Dataset entries:
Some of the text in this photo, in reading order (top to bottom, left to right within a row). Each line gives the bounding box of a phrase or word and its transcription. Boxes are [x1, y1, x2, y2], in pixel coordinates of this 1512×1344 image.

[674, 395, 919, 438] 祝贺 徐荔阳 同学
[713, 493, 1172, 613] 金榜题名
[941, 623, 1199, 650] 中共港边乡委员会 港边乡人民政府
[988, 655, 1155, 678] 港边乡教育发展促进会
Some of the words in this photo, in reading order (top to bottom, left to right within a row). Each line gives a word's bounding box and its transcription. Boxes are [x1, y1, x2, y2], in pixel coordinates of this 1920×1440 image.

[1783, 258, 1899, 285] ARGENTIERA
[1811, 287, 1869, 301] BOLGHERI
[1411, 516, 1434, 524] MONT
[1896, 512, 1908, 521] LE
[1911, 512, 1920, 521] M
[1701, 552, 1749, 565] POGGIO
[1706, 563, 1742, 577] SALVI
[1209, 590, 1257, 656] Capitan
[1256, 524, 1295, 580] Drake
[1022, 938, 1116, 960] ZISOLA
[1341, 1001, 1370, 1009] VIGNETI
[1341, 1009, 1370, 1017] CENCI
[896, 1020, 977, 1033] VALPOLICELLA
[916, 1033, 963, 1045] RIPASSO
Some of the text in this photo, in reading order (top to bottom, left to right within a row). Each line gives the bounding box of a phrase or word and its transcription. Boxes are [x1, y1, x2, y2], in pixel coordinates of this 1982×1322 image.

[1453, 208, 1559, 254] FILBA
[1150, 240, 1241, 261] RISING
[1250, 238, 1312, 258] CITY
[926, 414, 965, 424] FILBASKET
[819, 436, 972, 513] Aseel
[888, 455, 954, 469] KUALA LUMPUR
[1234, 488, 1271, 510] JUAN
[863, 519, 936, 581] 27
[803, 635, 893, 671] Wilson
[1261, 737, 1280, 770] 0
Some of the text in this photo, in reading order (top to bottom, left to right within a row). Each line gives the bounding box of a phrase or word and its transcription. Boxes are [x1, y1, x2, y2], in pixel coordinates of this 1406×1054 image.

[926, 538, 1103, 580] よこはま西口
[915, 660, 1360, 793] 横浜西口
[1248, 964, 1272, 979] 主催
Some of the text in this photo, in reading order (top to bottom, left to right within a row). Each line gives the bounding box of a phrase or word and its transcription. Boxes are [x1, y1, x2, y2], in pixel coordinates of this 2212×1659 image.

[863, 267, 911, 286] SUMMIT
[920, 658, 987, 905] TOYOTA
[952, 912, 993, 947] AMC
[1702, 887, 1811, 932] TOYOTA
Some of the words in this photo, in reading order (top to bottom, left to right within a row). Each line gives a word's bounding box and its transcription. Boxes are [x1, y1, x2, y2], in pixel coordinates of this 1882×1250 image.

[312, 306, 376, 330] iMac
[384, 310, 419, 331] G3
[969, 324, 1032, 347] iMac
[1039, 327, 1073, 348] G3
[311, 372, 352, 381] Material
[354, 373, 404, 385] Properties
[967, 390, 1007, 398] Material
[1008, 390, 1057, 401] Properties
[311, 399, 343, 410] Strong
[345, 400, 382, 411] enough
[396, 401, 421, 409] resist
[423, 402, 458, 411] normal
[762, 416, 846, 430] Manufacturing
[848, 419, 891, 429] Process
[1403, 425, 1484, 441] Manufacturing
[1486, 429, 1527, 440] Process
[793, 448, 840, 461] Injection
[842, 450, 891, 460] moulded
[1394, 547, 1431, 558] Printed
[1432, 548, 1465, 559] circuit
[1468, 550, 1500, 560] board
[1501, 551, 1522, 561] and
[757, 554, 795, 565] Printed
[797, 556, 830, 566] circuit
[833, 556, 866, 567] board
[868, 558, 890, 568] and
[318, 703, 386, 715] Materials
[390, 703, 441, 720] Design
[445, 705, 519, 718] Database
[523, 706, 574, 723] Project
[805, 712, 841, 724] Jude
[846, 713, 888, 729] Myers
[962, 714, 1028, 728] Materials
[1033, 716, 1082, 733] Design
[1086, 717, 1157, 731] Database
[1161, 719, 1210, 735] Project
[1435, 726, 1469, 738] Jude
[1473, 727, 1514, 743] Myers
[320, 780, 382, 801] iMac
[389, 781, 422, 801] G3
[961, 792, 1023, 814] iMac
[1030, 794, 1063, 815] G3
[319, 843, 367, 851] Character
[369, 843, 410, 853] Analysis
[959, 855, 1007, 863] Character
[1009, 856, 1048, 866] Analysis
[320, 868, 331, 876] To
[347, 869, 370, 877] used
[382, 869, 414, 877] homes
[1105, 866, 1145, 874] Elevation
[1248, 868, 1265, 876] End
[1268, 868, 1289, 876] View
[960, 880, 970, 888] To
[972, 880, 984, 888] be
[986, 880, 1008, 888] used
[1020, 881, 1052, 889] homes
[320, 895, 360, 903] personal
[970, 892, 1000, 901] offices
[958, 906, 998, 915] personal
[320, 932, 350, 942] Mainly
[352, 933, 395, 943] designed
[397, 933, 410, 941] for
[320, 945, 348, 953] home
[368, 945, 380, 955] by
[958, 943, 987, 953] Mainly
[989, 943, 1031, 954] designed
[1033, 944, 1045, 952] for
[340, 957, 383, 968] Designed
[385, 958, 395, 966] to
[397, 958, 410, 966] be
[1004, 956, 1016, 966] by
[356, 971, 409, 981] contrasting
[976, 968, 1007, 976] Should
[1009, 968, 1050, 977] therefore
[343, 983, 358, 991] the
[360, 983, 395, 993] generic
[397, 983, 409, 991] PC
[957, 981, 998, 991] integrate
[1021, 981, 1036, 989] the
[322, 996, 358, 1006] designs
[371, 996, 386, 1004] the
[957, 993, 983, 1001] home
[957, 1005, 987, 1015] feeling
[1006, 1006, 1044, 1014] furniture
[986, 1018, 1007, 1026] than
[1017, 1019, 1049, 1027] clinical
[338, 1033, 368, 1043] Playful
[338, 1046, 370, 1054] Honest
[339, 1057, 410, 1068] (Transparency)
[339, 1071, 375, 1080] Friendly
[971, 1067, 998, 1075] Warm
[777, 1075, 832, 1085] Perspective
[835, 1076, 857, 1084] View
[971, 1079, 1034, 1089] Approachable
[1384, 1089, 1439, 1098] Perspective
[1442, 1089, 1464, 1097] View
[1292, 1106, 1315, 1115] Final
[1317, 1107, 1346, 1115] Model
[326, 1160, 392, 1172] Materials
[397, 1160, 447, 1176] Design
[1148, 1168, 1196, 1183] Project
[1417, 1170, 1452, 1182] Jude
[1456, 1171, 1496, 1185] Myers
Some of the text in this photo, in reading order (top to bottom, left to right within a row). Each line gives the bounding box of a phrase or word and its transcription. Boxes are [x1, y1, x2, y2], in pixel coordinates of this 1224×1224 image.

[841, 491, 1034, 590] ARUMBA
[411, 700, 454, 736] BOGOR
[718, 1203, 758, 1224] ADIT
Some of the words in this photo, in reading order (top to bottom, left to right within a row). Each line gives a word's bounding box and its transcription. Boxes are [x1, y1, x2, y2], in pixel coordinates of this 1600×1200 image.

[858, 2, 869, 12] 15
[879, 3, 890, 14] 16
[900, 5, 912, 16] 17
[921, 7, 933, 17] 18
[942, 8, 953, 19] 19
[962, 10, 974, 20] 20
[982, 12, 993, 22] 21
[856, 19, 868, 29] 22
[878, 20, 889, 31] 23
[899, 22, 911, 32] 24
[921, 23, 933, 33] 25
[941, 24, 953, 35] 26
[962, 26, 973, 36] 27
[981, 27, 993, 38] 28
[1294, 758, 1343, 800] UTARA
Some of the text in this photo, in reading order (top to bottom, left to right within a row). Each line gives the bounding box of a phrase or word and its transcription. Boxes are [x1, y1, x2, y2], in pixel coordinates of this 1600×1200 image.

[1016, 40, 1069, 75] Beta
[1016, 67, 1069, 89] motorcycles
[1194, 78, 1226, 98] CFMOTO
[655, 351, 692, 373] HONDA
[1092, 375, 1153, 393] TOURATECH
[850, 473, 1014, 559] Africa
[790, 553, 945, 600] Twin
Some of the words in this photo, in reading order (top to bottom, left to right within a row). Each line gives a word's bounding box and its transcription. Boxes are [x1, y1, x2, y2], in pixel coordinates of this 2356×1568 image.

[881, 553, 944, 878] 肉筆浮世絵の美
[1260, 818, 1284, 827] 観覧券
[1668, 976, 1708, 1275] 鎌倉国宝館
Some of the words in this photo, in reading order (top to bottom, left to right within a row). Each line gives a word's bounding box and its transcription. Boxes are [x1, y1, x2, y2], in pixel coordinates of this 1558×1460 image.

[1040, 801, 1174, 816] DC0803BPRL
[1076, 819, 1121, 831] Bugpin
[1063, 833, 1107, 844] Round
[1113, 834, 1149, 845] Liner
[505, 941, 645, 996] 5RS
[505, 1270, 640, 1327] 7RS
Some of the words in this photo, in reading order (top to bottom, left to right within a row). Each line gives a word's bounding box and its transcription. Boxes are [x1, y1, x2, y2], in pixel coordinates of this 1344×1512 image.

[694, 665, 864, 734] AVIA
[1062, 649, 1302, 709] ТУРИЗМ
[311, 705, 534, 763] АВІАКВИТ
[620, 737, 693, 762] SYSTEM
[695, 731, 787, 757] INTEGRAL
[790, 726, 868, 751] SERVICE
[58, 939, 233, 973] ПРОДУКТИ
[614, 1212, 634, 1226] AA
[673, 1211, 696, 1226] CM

• **TASK**: Print nothing but the lines from the one that contains "this 2356×1568 image." to the final line of the data, both included, exactly as they read.

• **ANSWER TO THIS TASK**:
Some of the words in this photo, in reading order (top to bottom, left to right within a row). Each line gives a word's bounding box and its transcription. Boxes are [x1, y1, x2, y2], in pixel coordinates of this 2356×1568 image.

[881, 553, 944, 878] 肉筆浮世絵の美
[1260, 818, 1284, 827] 観覧券
[1668, 976, 1708, 1275] 鎌倉国宝館
Some of the words in this photo, in reading order (top to bottom, left to right within a row). Each line gives a word's bounding box and its transcription. Boxes are [x1, y1, x2, y2], in pixel coordinates of this 1558×1460 image.

[1040, 801, 1174, 816] DC0803BPRL
[1076, 819, 1121, 831] Bugpin
[1063, 833, 1107, 844] Round
[1113, 834, 1149, 845] Liner
[505, 941, 645, 996] 5RS
[505, 1270, 640, 1327] 7RS
Some of the words in this photo, in reading order (top to bottom, left to right within a row). Each line gives a word's bounding box and its transcription. Boxes are [x1, y1, x2, y2], in pixel coordinates of this 1344×1512 image.

[694, 665, 864, 734] AVIA
[1062, 649, 1302, 709] ТУРИЗМ
[311, 705, 534, 763] АВІАКВИТ
[620, 737, 693, 762] SYSTEM
[695, 731, 787, 757] INTEGRAL
[790, 726, 868, 751] SERVICE
[58, 939, 233, 973] ПРОДУКТИ
[614, 1212, 634, 1226] AA
[673, 1211, 696, 1226] CM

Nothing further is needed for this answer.